Answer to Question #10677 Submitted to "Ask the Experts"

Category: Lasers

The following question was answered by an expert in the appropriate field:


Are there any harmful side effects of regular infrared sauna use?


The International Commission on Nonionizing Radiation Protection (ICNIRP) released a statement on Far Infrared Exposure in 2006. The ICNIRP statement on the biological effects of infrared radiation (IR) indicates that thermal injury (heat) is the dominant risk. Thermal (heat) injuries will depend on the wavelength (or color, if it could be seen) of the IR lights. IR light may cause thermal injury even if you do not feel pain for certain types of IR light exposure.
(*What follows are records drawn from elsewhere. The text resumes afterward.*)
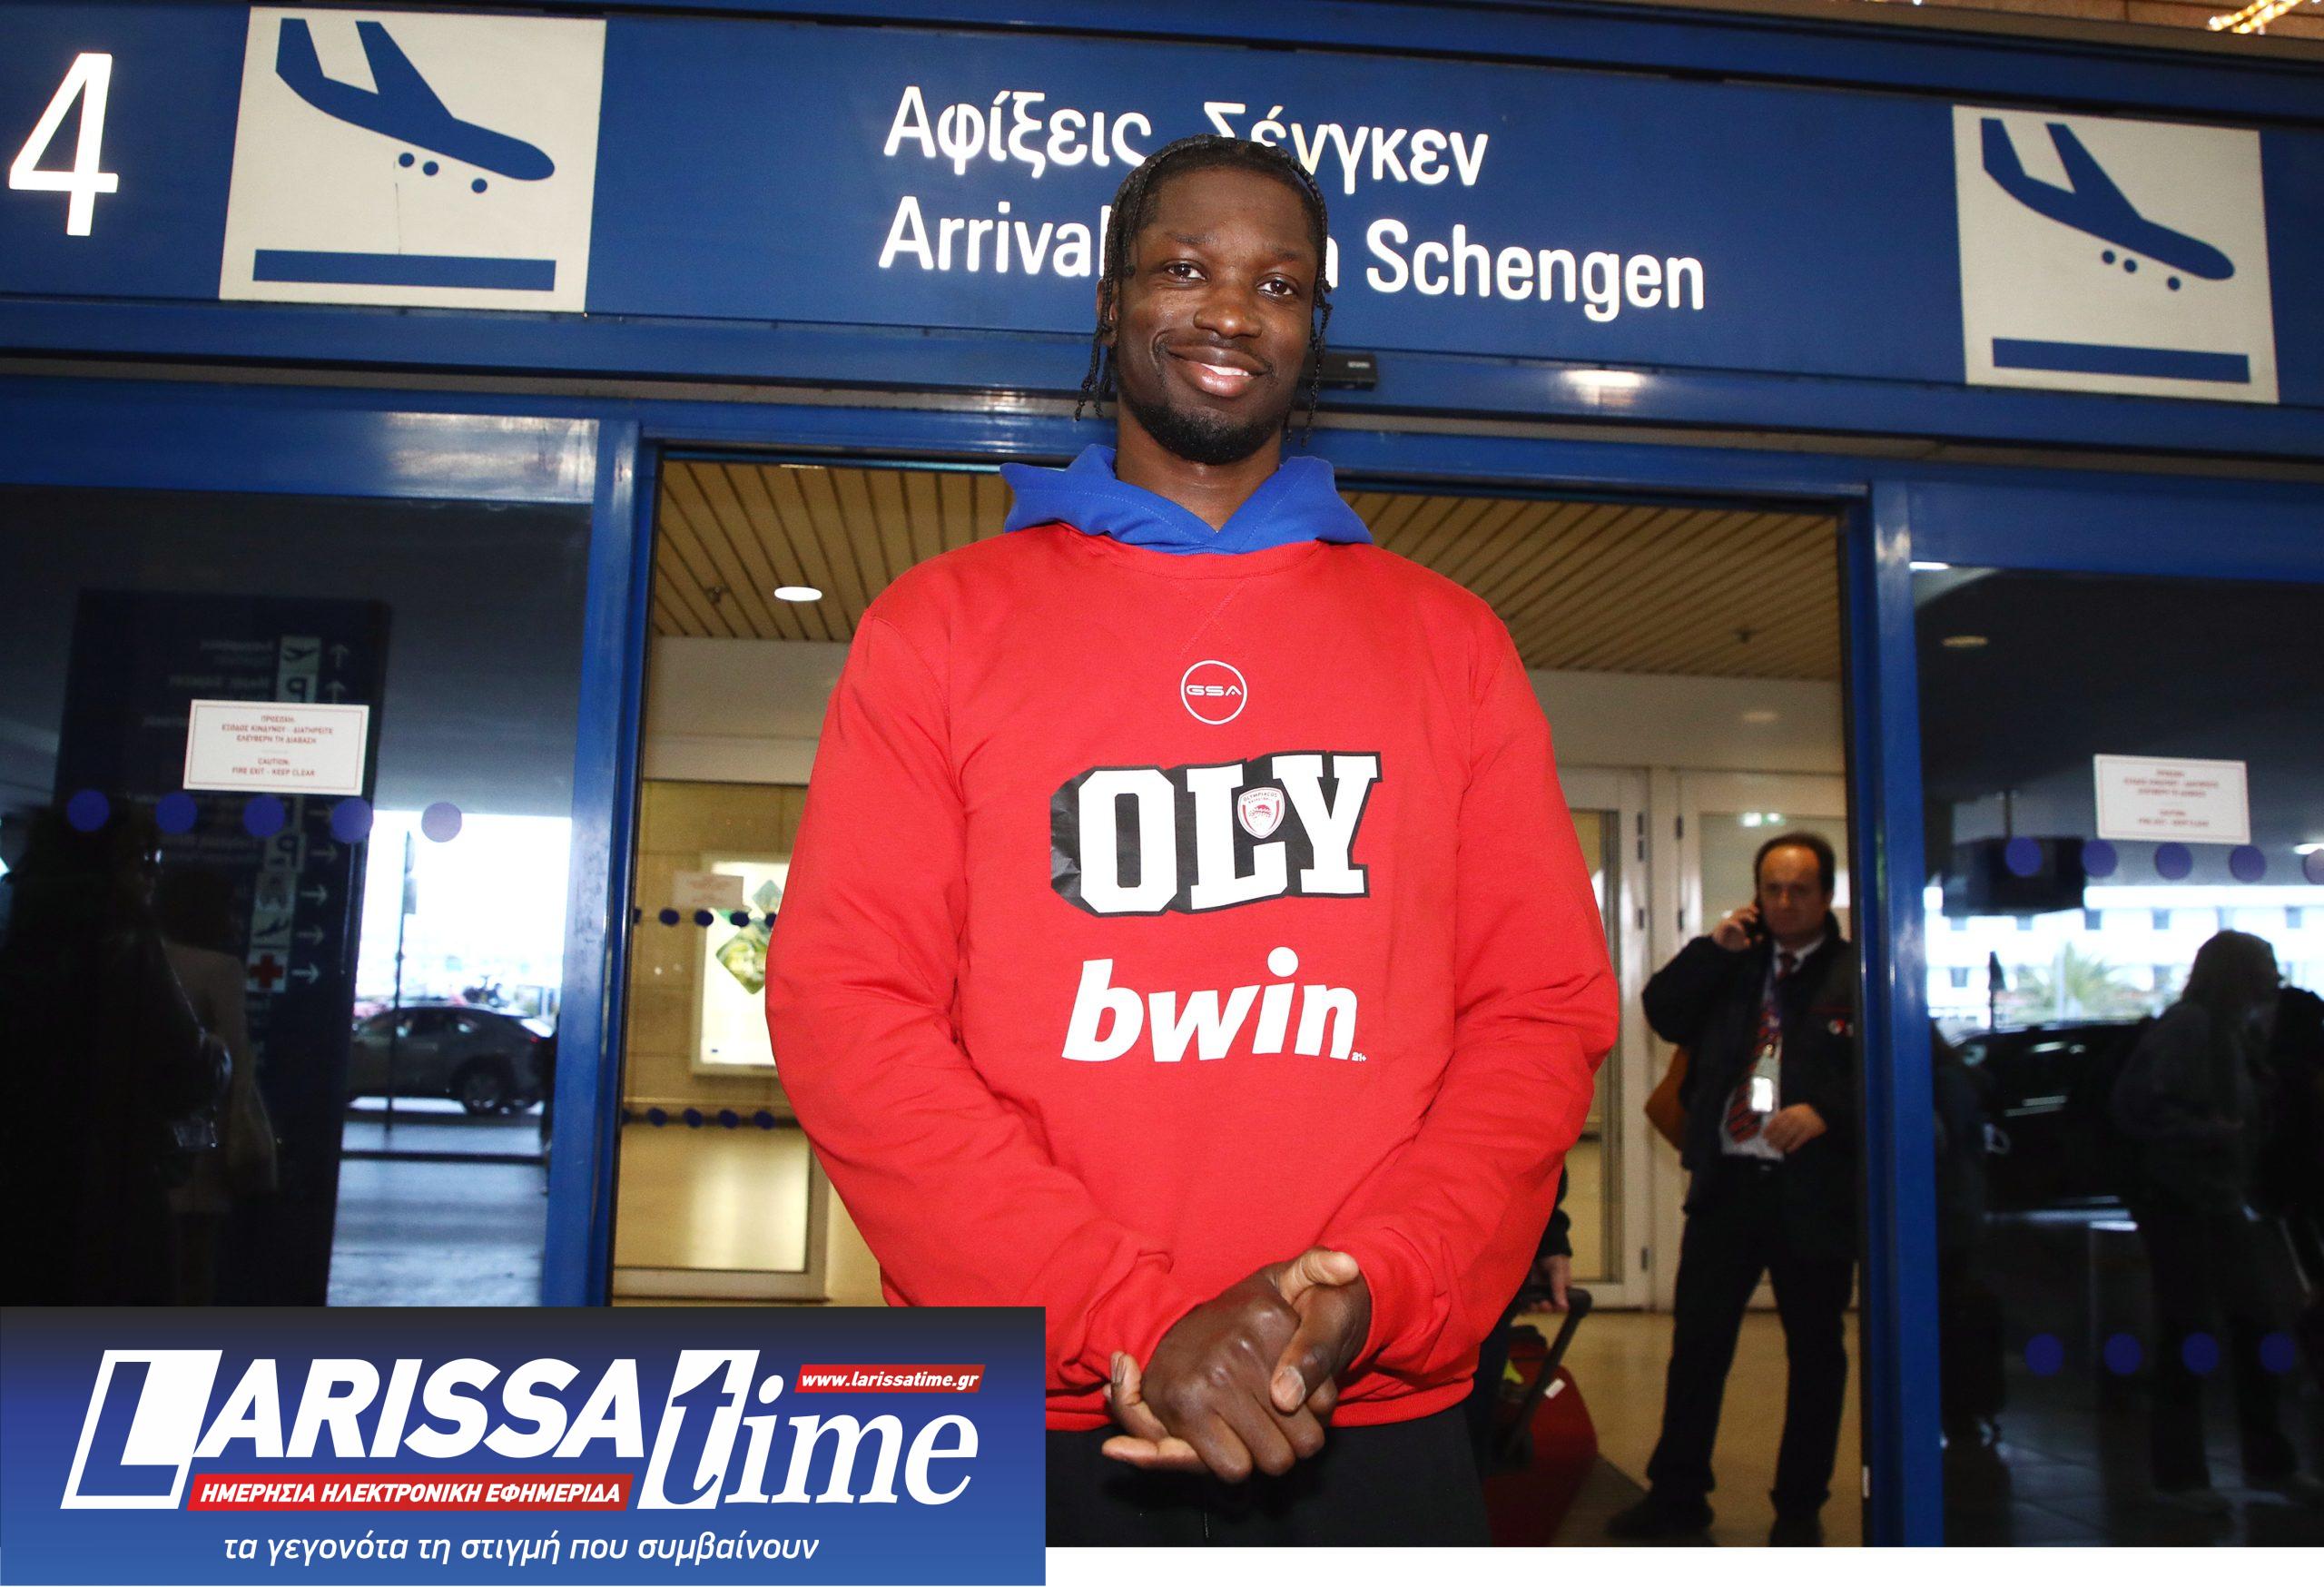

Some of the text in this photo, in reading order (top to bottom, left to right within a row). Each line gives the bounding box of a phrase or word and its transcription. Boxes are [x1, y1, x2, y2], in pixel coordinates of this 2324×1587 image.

[8, 53, 119, 237] 4
[883, 85, 1153, 180] Αφίξεις
[1366, 218, 1704, 323] Schengen
[1186, 685, 1243, 697] GSA
[1078, 754, 1379, 913] OLY
[1061, 946, 1358, 1063] bwin
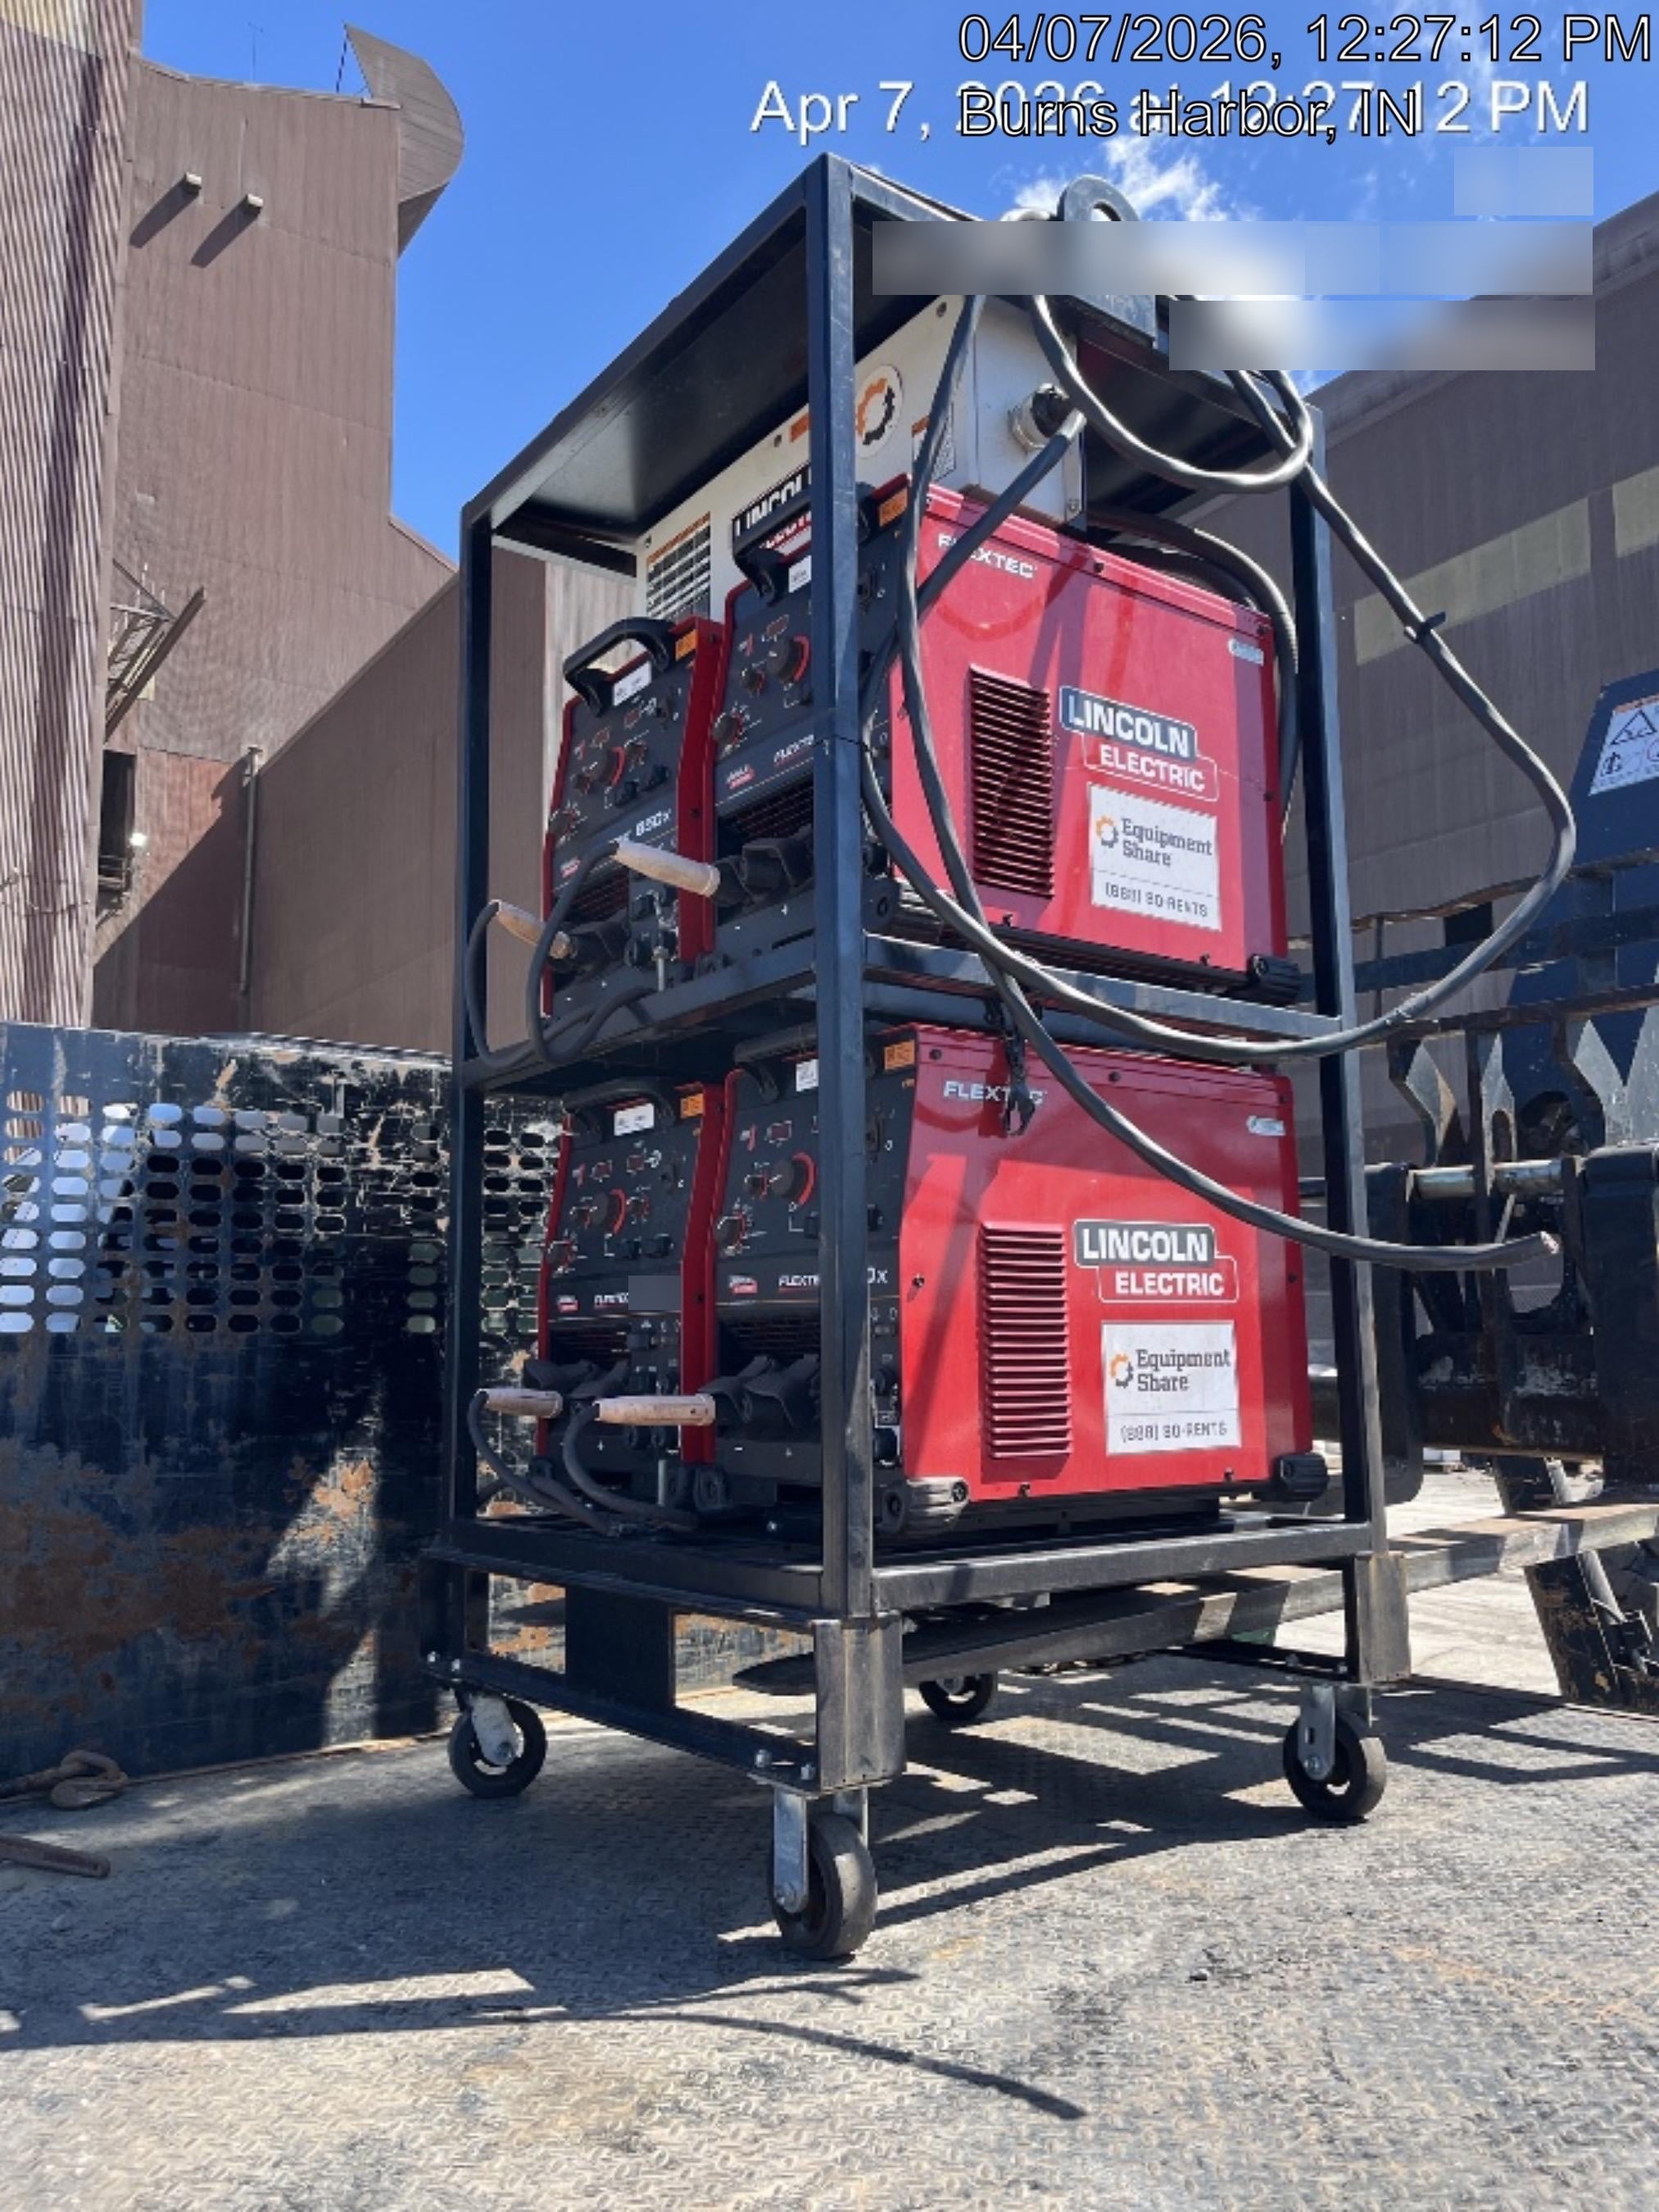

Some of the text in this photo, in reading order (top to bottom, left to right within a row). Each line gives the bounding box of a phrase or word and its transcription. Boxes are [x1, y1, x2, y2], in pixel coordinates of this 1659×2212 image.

[1067, 694, 1191, 759] LINCOLN
[1099, 742, 1208, 793] ELECTRIC
[1121, 818, 1213, 857] Equipment
[1122, 839, 1173, 868] Share
[1082, 1227, 1209, 1262] LINCOLN
[1114, 1270, 1226, 1297] ELECTRIC
[1135, 1349, 1231, 1373] Equipment
[1137, 1372, 1190, 1393] Share
Hyperpigmentation, scaling, and telangiectasias (erythema ab igne) may occur from repeated IR exposures of elevated temperatures, even if the skin is not burned. Skin cancer is not expected from exposure to IR. However, increased skin temperature can reduce DNA repair efficiency, and promote skin cancer that is initiated by other agents. Skin thickness may also increase due to repeated IR exposures. Ultraviolet light is associated with photo aging of skin, and it is not specifically reported in association with IR light.

If the IR light is >1,500 nm, it is unlikely there will be any effects on the retina but damage to the cornea due to thermal heating could occur. The lens of the eye could possibly accrue damage due to elevated temperatures, leading to cataracts.

Additionally, one must be careful to not overcome the thermoregulatory mechanism of your body. It is possible to cause serious injury to a person by overheating when exposed to IR.

The ICNIRP does not address “IR saunas” but does address IR cabins. They note that there have been no reported cases of erythema ab igne from typical use, but cautions that there have been no controlled studies of saunas or IR cabins.

Overall, if the facility complies with ICNIRP limits, one would expect that no injuries would occur. The ICNIRP recommendations are rather complex to those unfamiliar with nonionizing radiation, and a person with expertise in this field should be consulted for compliance. 

Thomas E. Johnson, Associate Professor
Colorado State University

International Commission on Nonionizing Radiation Protection. ICNIRP statement on far infrared radiation exposure. Health Phys Journal 91(6):630-645; 2006.